My London Shoes ‘culture’ gig this week got me researching and exploring the history behind what was, (and to some extent still is -as it is still emblazoned on many items of souvenir merchandising) – a major London related cultural visual icon, that is instantly recognisable across the globe – and that is the old red public Telephone Box !!!!
Delving into the history behind its design and inception, uncovered a lot of stuff that I (and most probably, a lot of others) was never aware of – all of which, I feel, makes interesting reading.
Public telephone boxes were first introduced in Britain in 1920, by the Post Office. They were known as K1’s (“K” standing for Kiosk), and were constructed of concrete – and did not look anything like the later ‘red’ telephone boxes.
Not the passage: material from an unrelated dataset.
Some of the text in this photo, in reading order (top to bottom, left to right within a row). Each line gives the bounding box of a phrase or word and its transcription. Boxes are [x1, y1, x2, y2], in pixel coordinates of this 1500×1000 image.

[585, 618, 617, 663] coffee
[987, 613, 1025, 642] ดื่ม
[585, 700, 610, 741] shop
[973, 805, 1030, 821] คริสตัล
There are remarkably, still 2 of the old K1 boxes in existence on British streets, that are located in Kingston-Upon-Hull, in Bembridge High Street, Isle of White.
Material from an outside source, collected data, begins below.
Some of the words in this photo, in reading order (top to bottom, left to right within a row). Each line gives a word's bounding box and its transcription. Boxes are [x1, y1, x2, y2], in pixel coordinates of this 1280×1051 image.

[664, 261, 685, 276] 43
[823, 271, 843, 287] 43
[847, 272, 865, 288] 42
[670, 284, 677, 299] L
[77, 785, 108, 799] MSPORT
As time moved on there was a greater demand for more public phone boxes right across Britain, and so in 1924 the Post Office invited 3 of the most prominent architects of the day, to each submit plans for a new style telephone box, so that they could select the best design, most suitable for the London streets.
One of the architects approached was a “Giles Gilbert Scott” who was only 22 but was already known as an up and coming star in the architectural world, because of his work on the newly erected Liverpool Cathedral, as well as Cambridge University Library, Waterloo Bridge and the power station site at Battersea.
Now – Giles Gilbert Scott, was also a curator of the John Soane Museum in Lincolns Inn Fields.
Sir John Soane (1753-1837) was a renowned architect/designer from the previous generation, who created monumental public buildings such as the Bank of England, numerous stately homes, country houses and loads of churches up and down the country – and in his will he bequeathed that his London headquarters be made into a museum promoting architecture and the arts.
When Sir John Soane’s wife died in 1815, he designed and dedicated a bespoke tomb in her memory that was then placed over her grave in Old St. Pancras churchyard (just north of where St. Pancras Station is today).
With his role as curator of the John Soane museum, Giles Gilbert Scott was obviously very familiar with this tomb that Soane had constructed for his late wife – and it is the design of this tomb that Giles Gilbert Scott incorporated in to his designs that he submitted for the new style telephone box competition – that was to be judged by the Fine Art Commission and the Birmingham Civil Society.
A wooden prototype of Scott’s telephone box was piloted and tested, and it was agreed that it would be his design that would be used for the new wave of “K2” boxes. In fact, one of the original wooden ‘pilot’ telephone boxes, still stands today at its original spot, just inside the entrance gates to the Royal Academy of Art in Piccadilly.
These new K2 boxes were made of cast iron and designed in a gothic style, which was Giles Gilbert Scott’s preference for all the work he created, and the design almost replicated the characterisation of the Sir John Soane tomb in Old St. Pancras churchyard – and they were painted ‘red’ so that they could be easily noticed on the busy London streets.
So – from 1924 right up until 1934 the telephone boxes designed by Giles Gilbert Scott, that were heavily influenced by the design of Sir John Soane’s tomb for his wife – were erected all over the British Isles.
In 1935 Scott was approached again and commissioned to design what was called the ‘Jubilee’ Kiosk to commemorate the Silver Jubilee of King George V.
This design specification was titled the “K6” and went into production in 1936 – and it was the first time that ‘red’ telephone boxes were situated ‘outside’ of London, replacing all the earlier K1’s.
By 1940, there were 35,000 K6 design red telephone boxes scattered across every town and village throughout Britain – and it is this design which has become a universal icon.
Sadly, as years progressed through different generations, these old phone boxes were subjected to mis-use and vandalism – and by 1985 communications technology had progressed to such an extent, that the boxes had outlived their purpose, and as a result, new style boxes/booths were rolled out by the newly formed British Telecom.
Fortunately, there are still quite a few of Giles Gilbert Scott’s K2 & K6 design telephone boxes scattered around, particularly in London – which are now all Grade II listed. Some have received sanction to be turned into a completely different use – for example, a hanging garden, a ‘street’ library – artistic monuments etc.
So, my challenge for this week, armed with all this history – was to simply seek out some of these iconic historical phone boxes that are still scattered around London, and simply appreciate the role they once played in everyday life.
On my way back home, I popped into the ‘Barrowboy & Banker’ pub – just by London Bridge the Borough Market side – for the mandatory ‘cheeky’ beer.
Hope you found this topic and the accompanying photos interesting.